- Your objective:
Copy every record exactly, leaving the pictures out.

Task input Start Marker

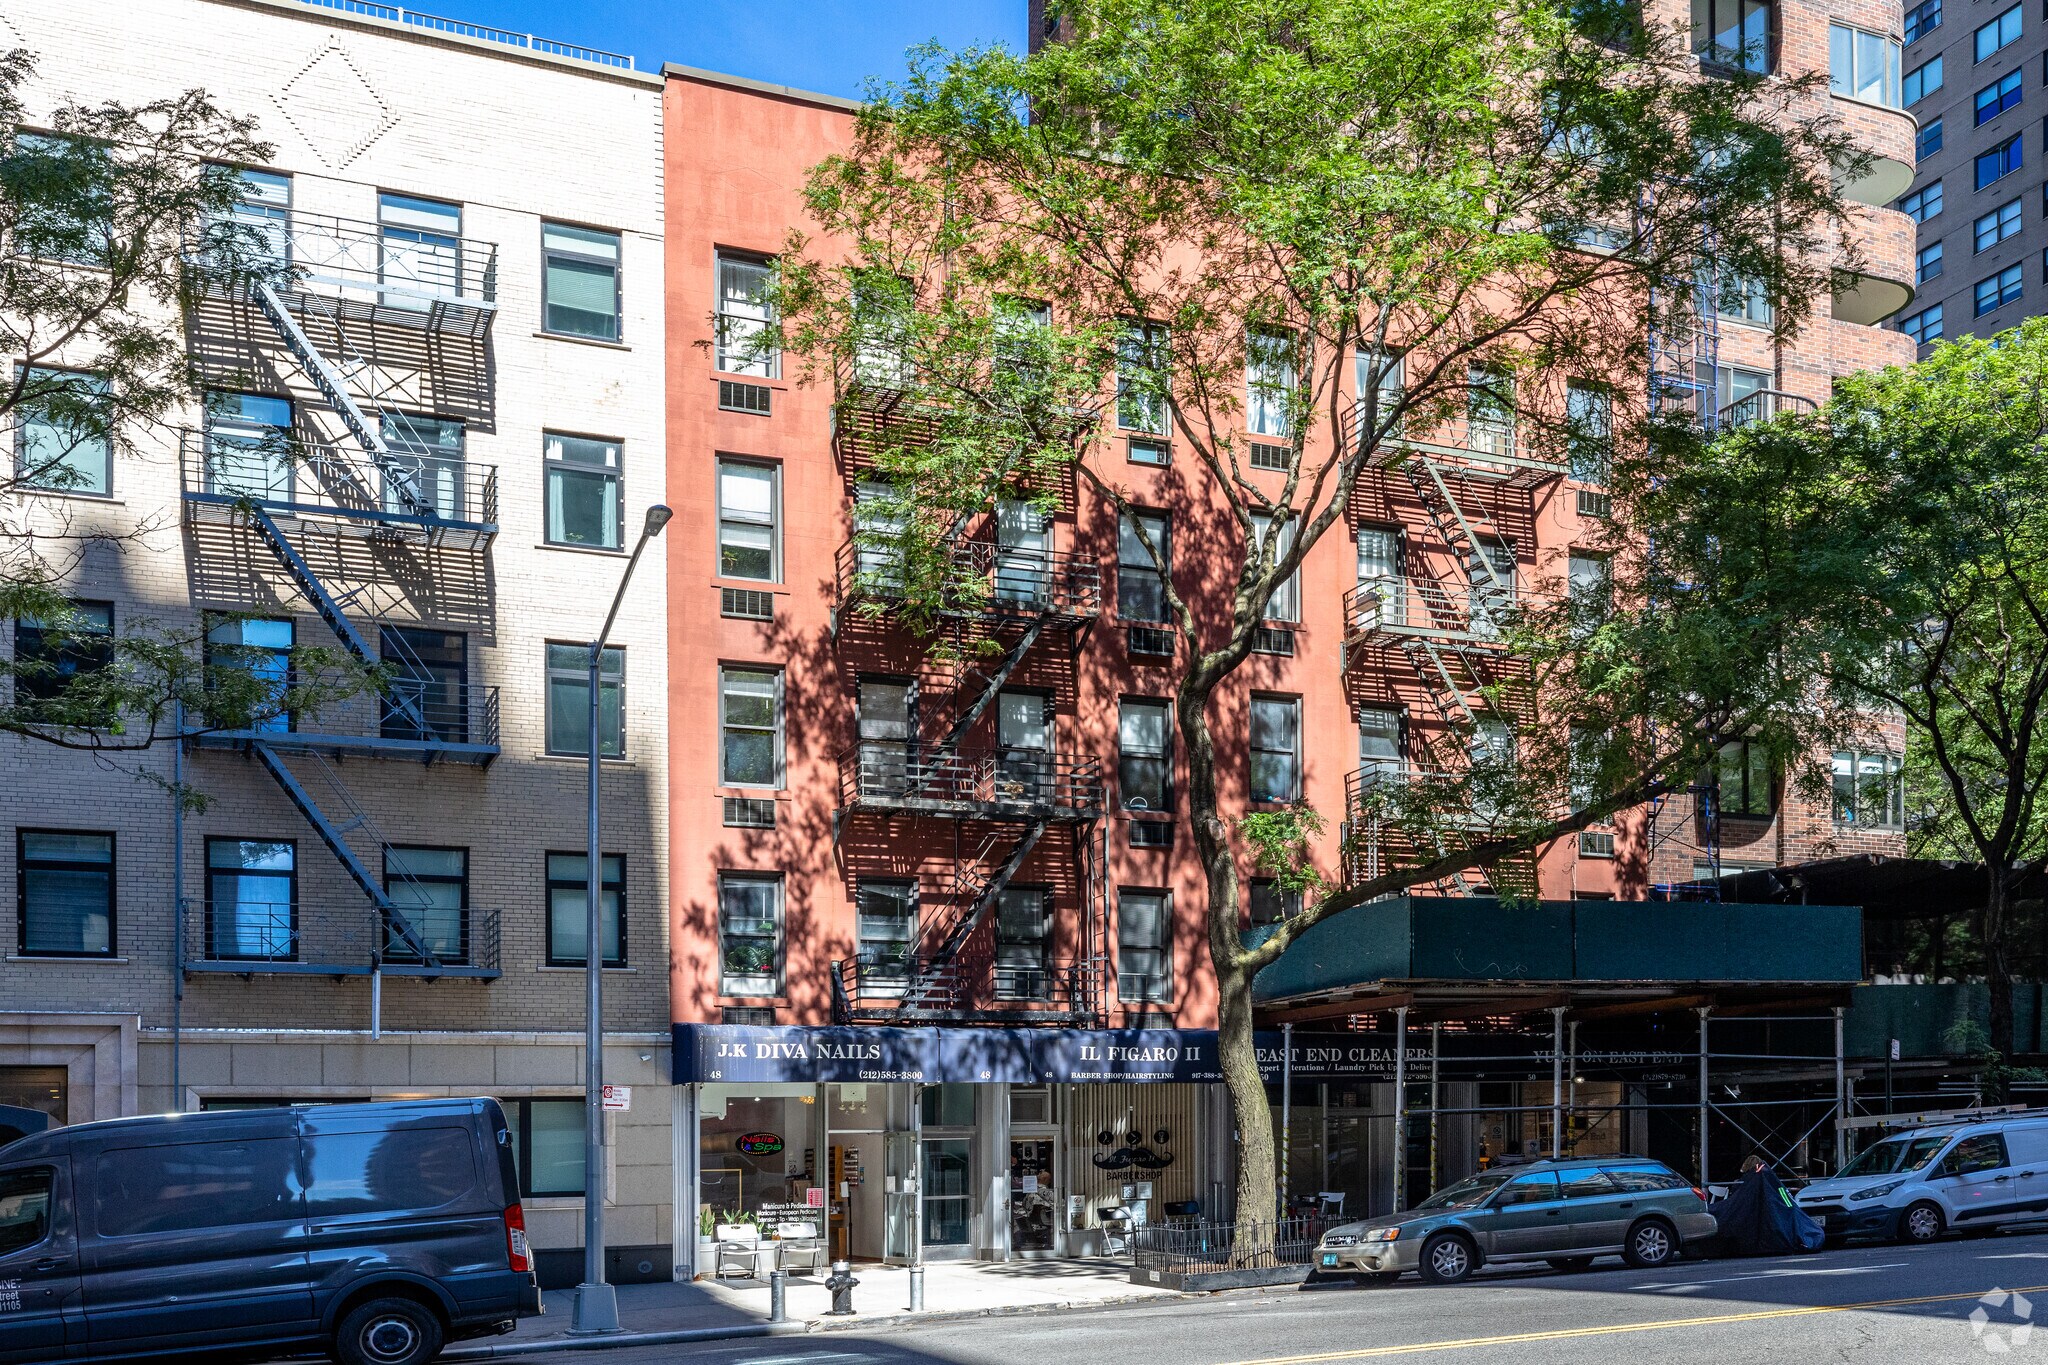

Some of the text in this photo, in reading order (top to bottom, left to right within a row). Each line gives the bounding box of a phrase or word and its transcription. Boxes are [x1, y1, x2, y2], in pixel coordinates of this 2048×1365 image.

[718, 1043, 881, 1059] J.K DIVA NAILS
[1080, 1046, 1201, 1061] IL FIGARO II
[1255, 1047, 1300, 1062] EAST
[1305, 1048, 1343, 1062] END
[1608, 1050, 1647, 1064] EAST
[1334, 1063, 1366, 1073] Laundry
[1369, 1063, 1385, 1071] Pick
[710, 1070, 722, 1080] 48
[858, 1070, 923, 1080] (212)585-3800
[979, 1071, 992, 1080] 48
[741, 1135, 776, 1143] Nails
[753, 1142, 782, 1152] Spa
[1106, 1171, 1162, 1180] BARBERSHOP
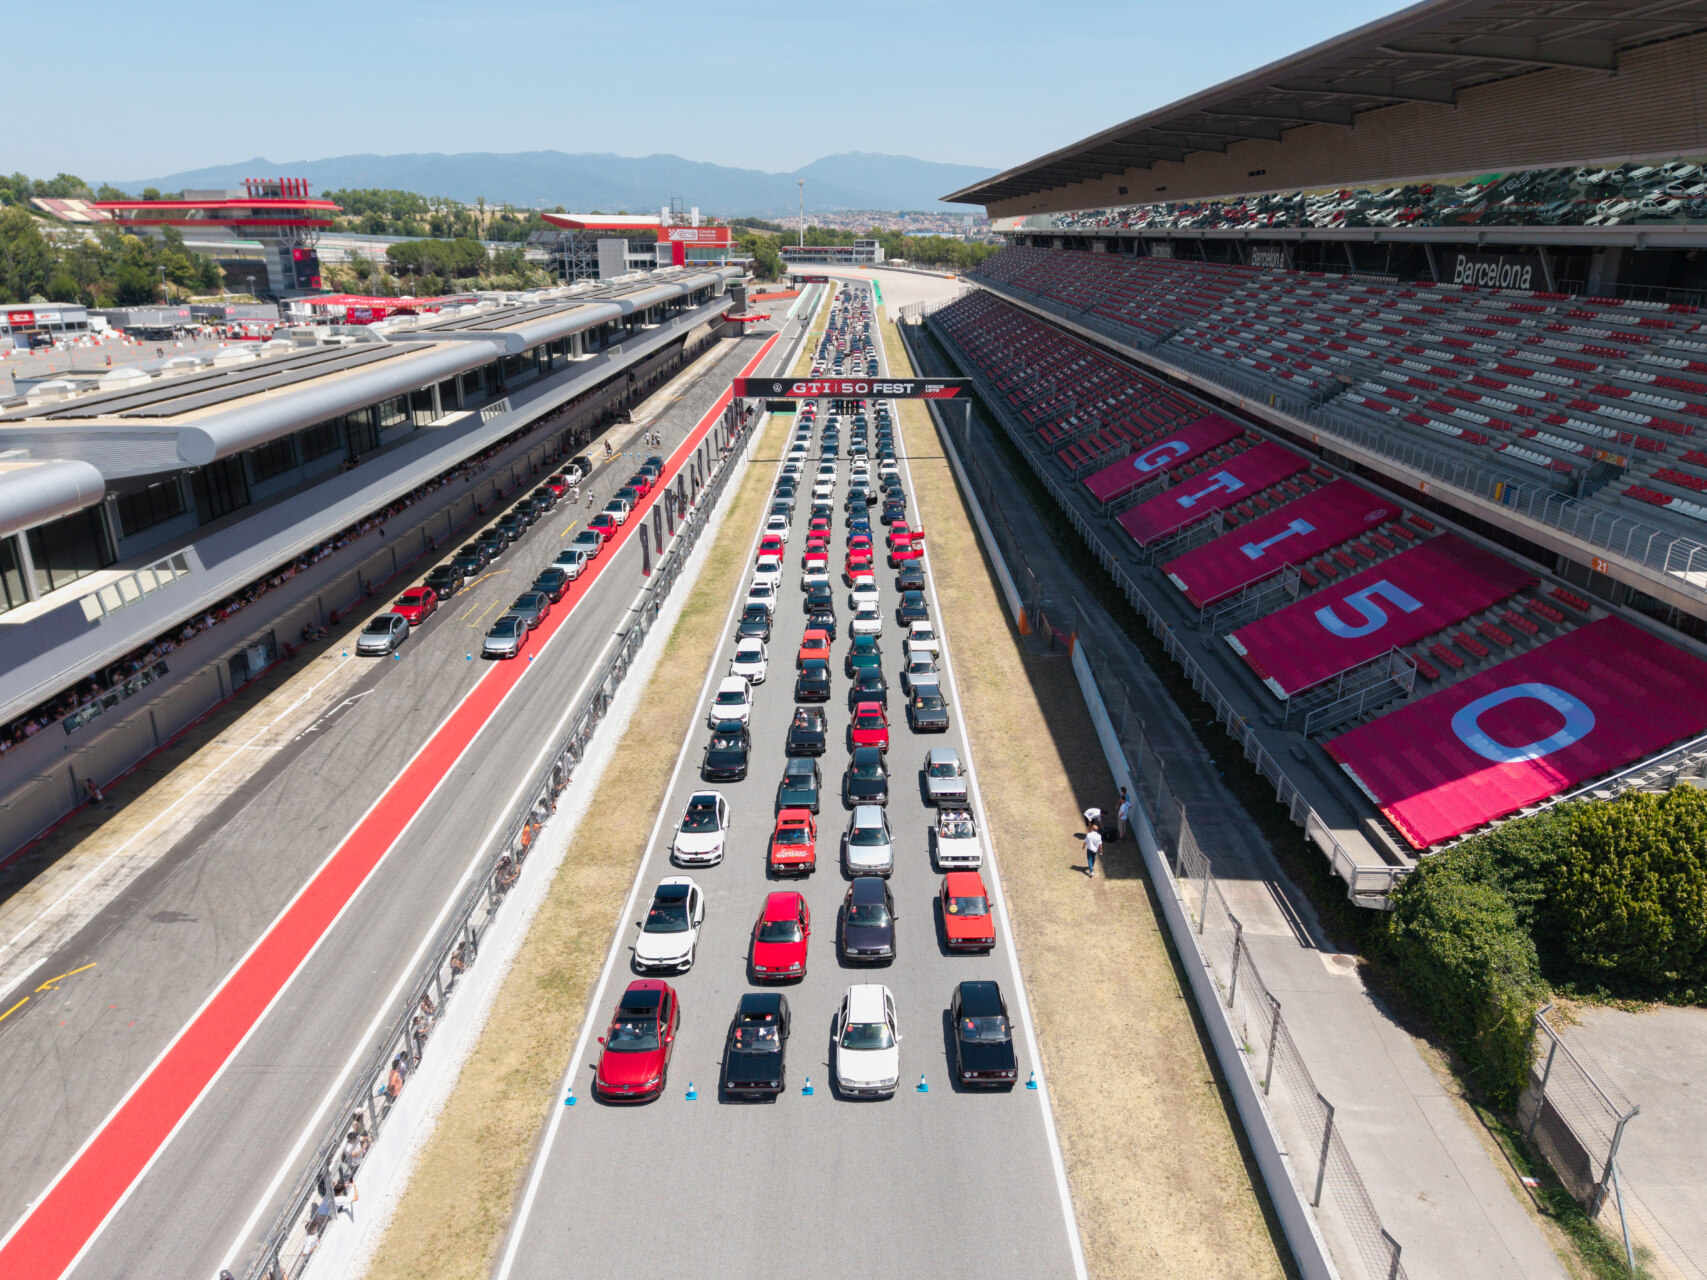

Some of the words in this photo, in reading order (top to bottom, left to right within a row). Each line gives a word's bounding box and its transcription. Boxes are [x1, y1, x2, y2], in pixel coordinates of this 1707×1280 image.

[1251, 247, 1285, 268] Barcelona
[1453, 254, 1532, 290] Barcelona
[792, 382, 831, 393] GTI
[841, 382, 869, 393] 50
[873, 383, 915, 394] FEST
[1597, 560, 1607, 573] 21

Task input End Marker

- Exercise result:
Some of the text in this photo, in reading order (top to bottom, left to right within a row). Each line gives the bounding box of a phrase or word and its transcription. Boxes are [x1, y1, x2, y2], in pixel coordinates of this 2048×1365 image.

[718, 1043, 881, 1059] J.K DIVA NAILS
[1080, 1046, 1201, 1061] IL FIGARO II
[1255, 1047, 1300, 1062] EAST
[1305, 1048, 1343, 1062] END
[1608, 1050, 1647, 1064] EAST
[1334, 1063, 1366, 1073] Laundry
[1369, 1063, 1385, 1071] Pick
[710, 1070, 722, 1080] 48
[858, 1070, 923, 1080] (212)585-3800
[979, 1071, 992, 1080] 48
[741, 1135, 776, 1143] Nails
[753, 1142, 782, 1152] Spa
[1106, 1171, 1162, 1180] BARBERSHOP

Some of the words in this photo, in reading order (top to bottom, left to right within a row). Each line gives a word's bounding box and its transcription. Boxes are [x1, y1, x2, y2], in pixel coordinates of this 1707×1280 image.

[1251, 247, 1285, 268] Barcelona
[1453, 254, 1532, 290] Barcelona
[792, 382, 831, 393] GTI
[841, 382, 869, 393] 50
[873, 383, 915, 394] FEST
[1597, 560, 1607, 573] 21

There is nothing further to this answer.